In the Healthcare sphere the situation is analogous: “the president suggests reequipping of 10 thousand hospitals. Meanwhile, the healthcare reform means to cut the number of these very hospitals, developing the institution of general practitioners.”

A feeling emerges, Novaya Gazeta comments, that “Putin and Zurabov apparently misunderstand each other.”

In the opinion of Alexei Polukhin, “the president’s generous gesture” is likely to be used as “a cover operation, something sweet to ‘the bitter pill of reforms’, as in his speech he touched exactly that what is supposed to be strictly and anti-socially reformed.”

In general, as it was noted in Nezavisimaya Gazets by InDem Foundation President Georgy Satarov: “All these events can hardly be called policy.” That’s because policy-making requires an analysis of the situation: “Why precisely this amount of money, for what purpose, and so on, must be spent. There was nothing of the kind. This is a sop thrown to one group of citizens from the table of their betters, out of these gigantic oil revenues.
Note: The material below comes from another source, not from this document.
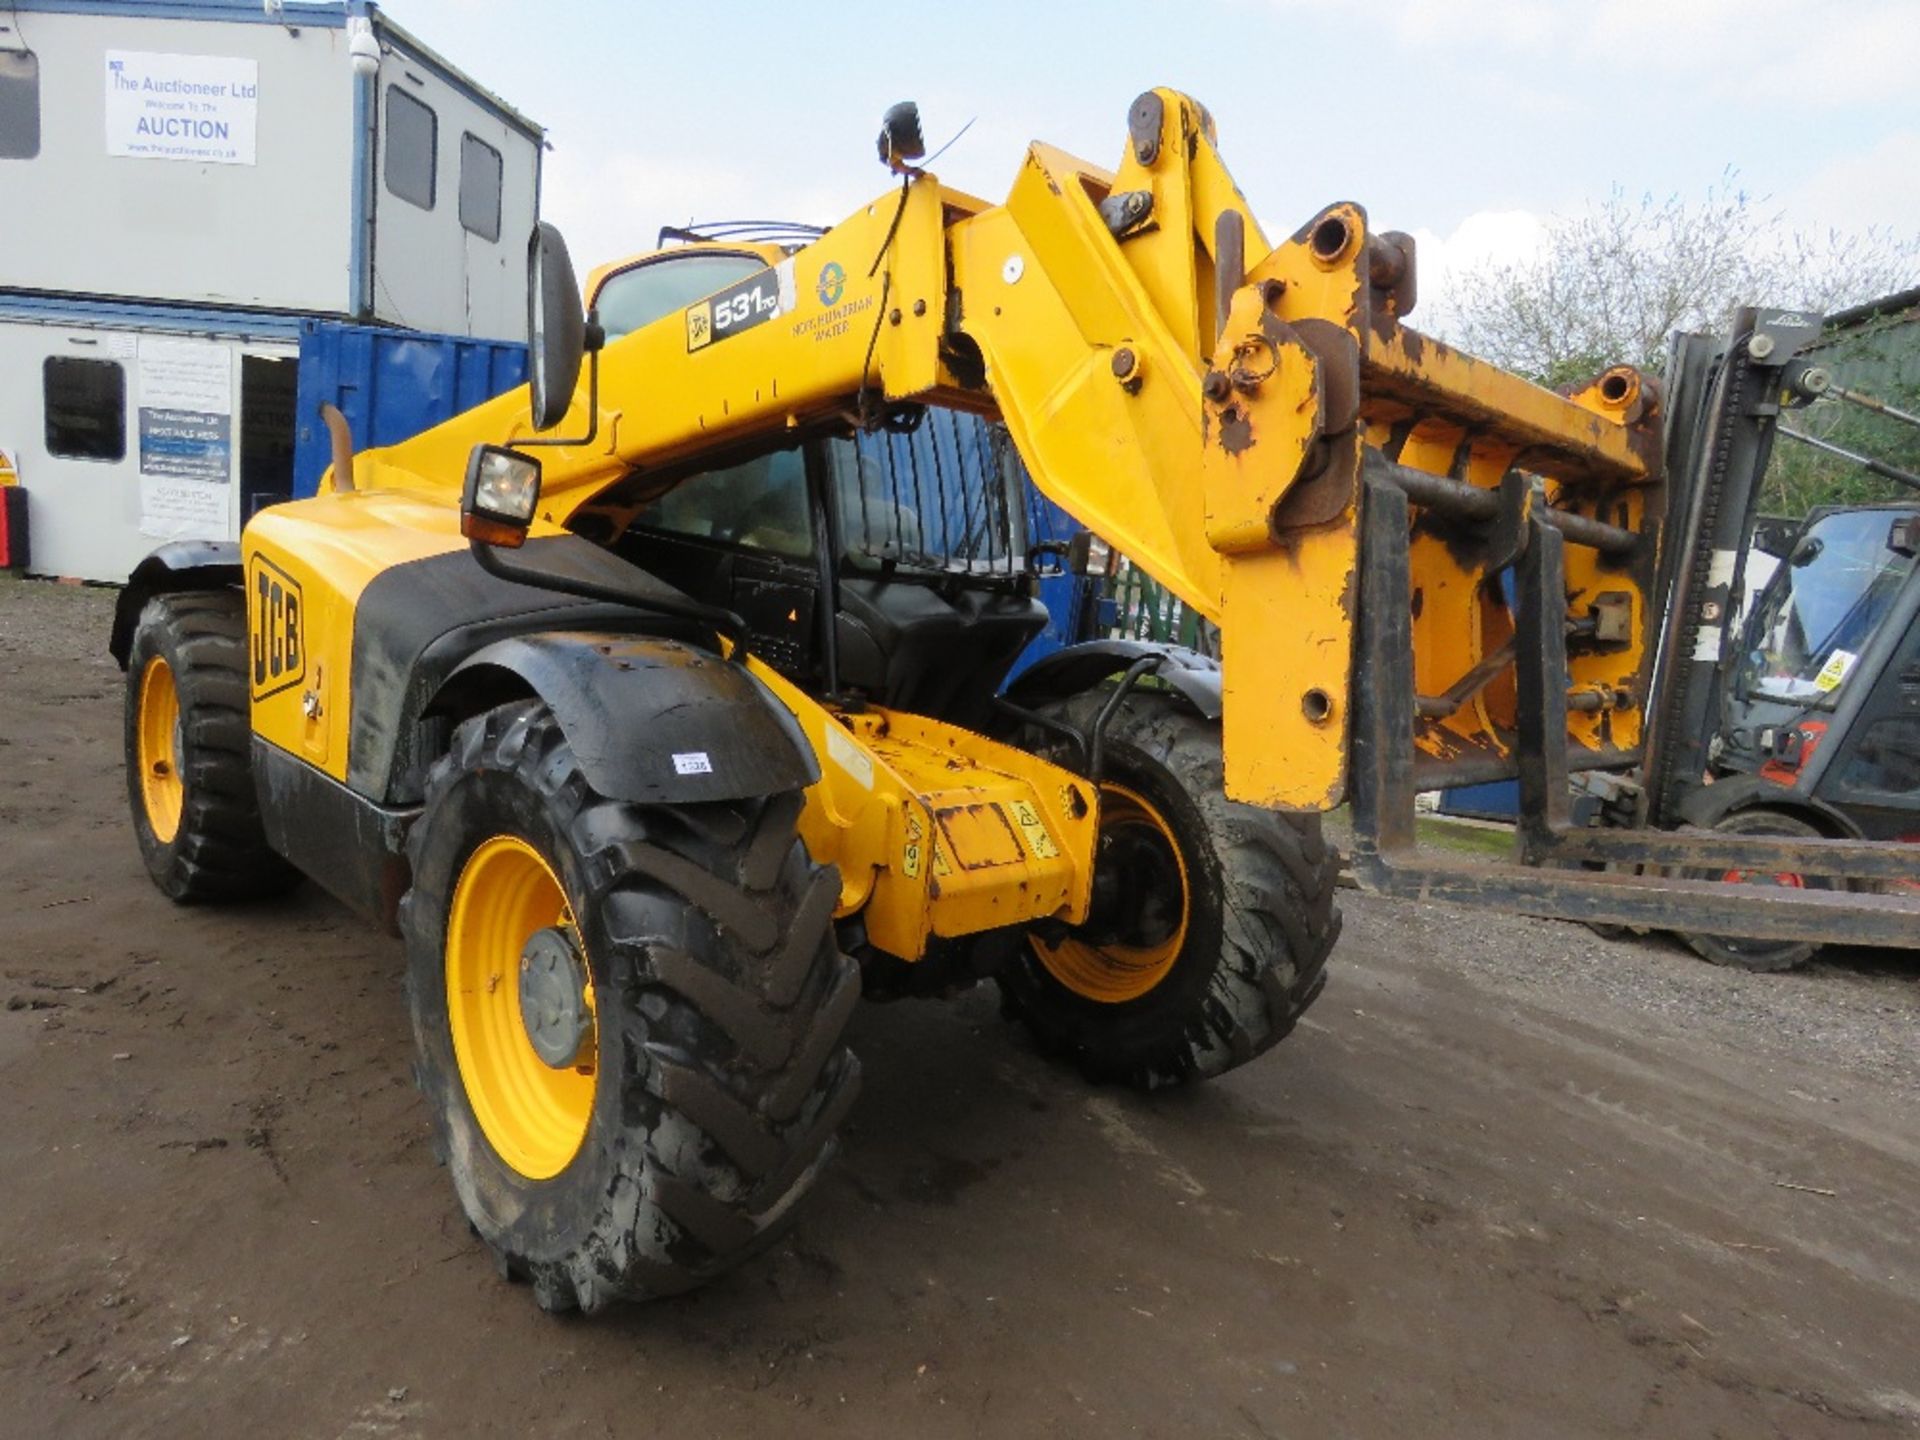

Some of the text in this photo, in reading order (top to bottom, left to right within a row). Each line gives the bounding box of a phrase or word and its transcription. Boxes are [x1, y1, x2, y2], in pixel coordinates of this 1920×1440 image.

Nothing more.”

From Satarov’s point of view, there is a single aim – maintenance of the regime’s stability, “It is crisis of fear, a crisis of ideas.”

The authorities are in the same crisis, Satarov believes, with the Year 2008 problem, and consequently, no original decisions should be expected, “There will be a successor, and I believe, more than one.”
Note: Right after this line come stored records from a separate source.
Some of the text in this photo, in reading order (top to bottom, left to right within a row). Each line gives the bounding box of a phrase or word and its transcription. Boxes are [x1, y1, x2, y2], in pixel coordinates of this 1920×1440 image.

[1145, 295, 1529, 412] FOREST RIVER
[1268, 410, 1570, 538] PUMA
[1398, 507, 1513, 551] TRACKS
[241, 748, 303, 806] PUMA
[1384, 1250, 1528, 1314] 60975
To tell the truth, according to the data of the National Strategies Institute of Stanislav Belkovsky, today the president’s environment “rack their brains, how to prolong Putin’s presence in the Kremlin.”
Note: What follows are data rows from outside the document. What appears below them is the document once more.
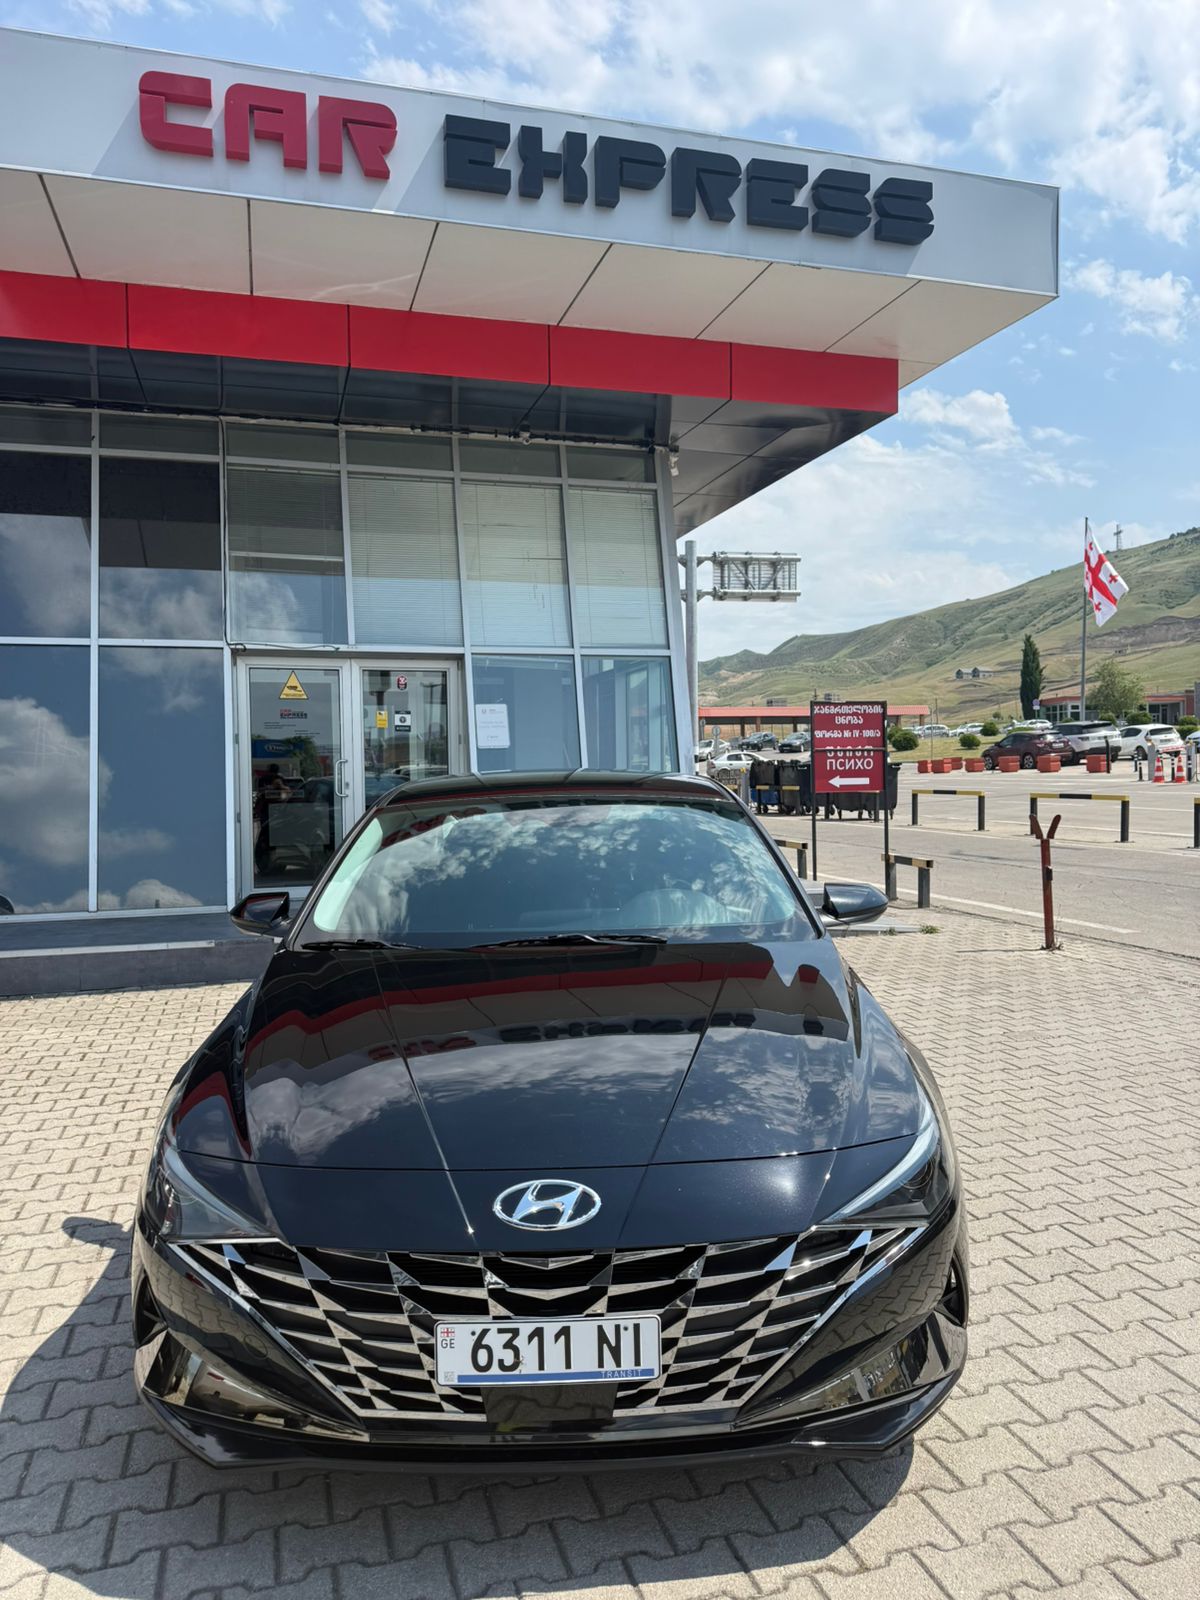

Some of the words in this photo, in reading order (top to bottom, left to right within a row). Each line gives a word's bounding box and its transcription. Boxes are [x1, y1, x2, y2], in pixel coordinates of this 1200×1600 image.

[139, 70, 398, 180] CAR
[444, 114, 935, 247] EXPRESS
[835, 715, 863, 724] ცნობა
[826, 759, 874, 770] ПСИХО
[440, 1338, 456, 1349] GE
[470, 1325, 572, 1373] 6311
[597, 1323, 641, 1369] NI
[601, 1369, 642, 1379] TRANSIT
Belkovsky said to Zavtra newspaper, “Putin’s most entrusted advisor Igor Sechin and some close to him businessmen” are especially anxious about the issue.

Various variants are proposed, as it is known – both introducing the amendments to the Constitution for increasing the number of possible terms of one and the sane candidate, the transaction to the Parliamentary republic, in which Putin would occupy the post of the Prime Minister. However, as Belkovsky considers, these strengthens will end by nothing, “The third Putin’s term is not willed by one influential Kremlin person – Putin himself.”

According to the opinion of Belkovsky, “the burden of power” was “too heavy” for Vladimir Putin; “he will not rescue Sechin and Co. at the expense of personal health.”

Afterwards, Stanislav Belkovsky gives a forecast, “As soon as the relatives of the former president fill their pockets with the proceeds from Sibneft, and the second president himself acquires a stake in Gazprom and $5-6 billion in live money, remaining in the Kremlin will be of no importance.”

However, there is no clarity with the candidature. The problem is described vividly in Izvestia by Sergei Markov, director of the Political Studies Institute: “Putin is the leader of a coalition of the three blocs: the corporation of chekists, liberal economists, lawyers, political scientists and the bureaucracy. That is why there’s a main requirement for a successor – he must combine the interests of all these forces.” As Markov reported, “only two” questions have not been solved yet, “the identity of the successor and Putin’s role after his term in office expires.”

Nevertheless, it seems that Vladimir Putin has decided something.

In any case, as participant of the conference Valdai 2005, director of Russian and Asian programs of the US defensive information center Nikolay Zlobin reported to edition Vremya Novostei, the President is in “excellent physical and intellectual state and looks like a man, who made some decisions and released himself from many problems.”

As for the successor, this isn’t such an insoluble problem. There is a variety of options, many of them quite unexpected. Even his wife, Ludmila Alexandrovna Putina, could become the successor.

According to Novye Izvestia, Boris Nadezhdin, secretary of the Political Council of the Union of Right Forces, has recommended Putin’s wife.

The article about this event was labeled by Novye Izvestia as “Special Successor.”

Meanwhile, this option is quite possible, especially if voters respond correctly to the new course of the authorities.